* Work item
Beginning with the line that has "this 1200×1800 image.", reproduce each remaining line of the data exactly, down to and including the last.
---- The data
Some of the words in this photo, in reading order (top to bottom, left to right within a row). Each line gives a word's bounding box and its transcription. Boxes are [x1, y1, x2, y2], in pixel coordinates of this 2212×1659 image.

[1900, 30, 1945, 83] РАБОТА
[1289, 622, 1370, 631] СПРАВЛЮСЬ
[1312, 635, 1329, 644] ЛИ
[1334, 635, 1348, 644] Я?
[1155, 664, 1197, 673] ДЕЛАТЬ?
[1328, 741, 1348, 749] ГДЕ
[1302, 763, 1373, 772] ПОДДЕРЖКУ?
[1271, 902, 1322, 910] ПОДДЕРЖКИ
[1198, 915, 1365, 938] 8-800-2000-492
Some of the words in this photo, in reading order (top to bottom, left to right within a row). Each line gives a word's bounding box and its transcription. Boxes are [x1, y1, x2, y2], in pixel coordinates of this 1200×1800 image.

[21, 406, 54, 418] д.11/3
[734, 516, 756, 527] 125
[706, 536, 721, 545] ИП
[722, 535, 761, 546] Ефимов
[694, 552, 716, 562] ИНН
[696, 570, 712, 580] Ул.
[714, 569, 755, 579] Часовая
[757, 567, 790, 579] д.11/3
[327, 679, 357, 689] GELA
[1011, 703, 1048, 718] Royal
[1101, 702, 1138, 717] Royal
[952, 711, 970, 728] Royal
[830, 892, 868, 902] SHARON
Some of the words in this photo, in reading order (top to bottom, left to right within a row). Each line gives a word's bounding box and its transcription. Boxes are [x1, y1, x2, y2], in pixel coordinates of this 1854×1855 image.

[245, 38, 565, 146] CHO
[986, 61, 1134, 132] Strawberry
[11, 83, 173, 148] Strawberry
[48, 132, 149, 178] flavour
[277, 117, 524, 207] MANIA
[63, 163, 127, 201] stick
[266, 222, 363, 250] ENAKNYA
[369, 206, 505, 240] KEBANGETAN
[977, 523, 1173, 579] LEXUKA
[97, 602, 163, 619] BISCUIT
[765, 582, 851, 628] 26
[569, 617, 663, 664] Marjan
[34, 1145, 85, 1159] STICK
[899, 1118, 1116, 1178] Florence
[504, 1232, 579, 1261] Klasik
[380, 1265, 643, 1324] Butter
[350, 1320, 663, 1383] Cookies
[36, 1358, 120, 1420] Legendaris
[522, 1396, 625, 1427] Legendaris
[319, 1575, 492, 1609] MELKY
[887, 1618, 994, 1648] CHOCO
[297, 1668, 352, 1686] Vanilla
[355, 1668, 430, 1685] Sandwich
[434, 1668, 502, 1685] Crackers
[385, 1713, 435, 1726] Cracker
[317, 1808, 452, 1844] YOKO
--------
* Solution to the exercise
Some of the words in this photo, in reading order (top to bottom, left to right within a row). Each line gives a word's bounding box and its transcription. Boxes are [x1, y1, x2, y2], in pixel coordinates of this 1200×1800 image.

[21, 406, 54, 418] д.11/3
[734, 516, 756, 527] 125
[706, 536, 721, 545] ИП
[722, 535, 761, 546] Ефимов
[694, 552, 716, 562] ИНН
[696, 570, 712, 580] Ул.
[714, 569, 755, 579] Часовая
[757, 567, 790, 579] д.11/3
[327, 679, 357, 689] GELA
[1011, 703, 1048, 718] Royal
[1101, 702, 1138, 717] Royal
[952, 711, 970, 728] Royal
[830, 892, 868, 902] SHARON
Some of the words in this photo, in reading order (top to bottom, left to right within a row). Each line gives a word's bounding box and its transcription. Boxes are [x1, y1, x2, y2], in pixel coordinates of this 1854×1855 image.

[245, 38, 565, 146] CHO
[986, 61, 1134, 132] Strawberry
[11, 83, 173, 148] Strawberry
[48, 132, 149, 178] flavour
[277, 117, 524, 207] MANIA
[63, 163, 127, 201] stick
[266, 222, 363, 250] ENAKNYA
[369, 206, 505, 240] KEBANGETAN
[977, 523, 1173, 579] LEXUKA
[97, 602, 163, 619] BISCUIT
[765, 582, 851, 628] 26
[569, 617, 663, 664] Marjan
[34, 1145, 85, 1159] STICK
[899, 1118, 1116, 1178] Florence
[504, 1232, 579, 1261] Klasik
[380, 1265, 643, 1324] Butter
[350, 1320, 663, 1383] Cookies
[36, 1358, 120, 1420] Legendaris
[522, 1396, 625, 1427] Legendaris
[319, 1575, 492, 1609] MELKY
[887, 1618, 994, 1648] CHOCO
[297, 1668, 352, 1686] Vanilla
[355, 1668, 430, 1685] Sandwich
[434, 1668, 502, 1685] Crackers
[385, 1713, 435, 1726] Cracker
[317, 1808, 452, 1844] YOKO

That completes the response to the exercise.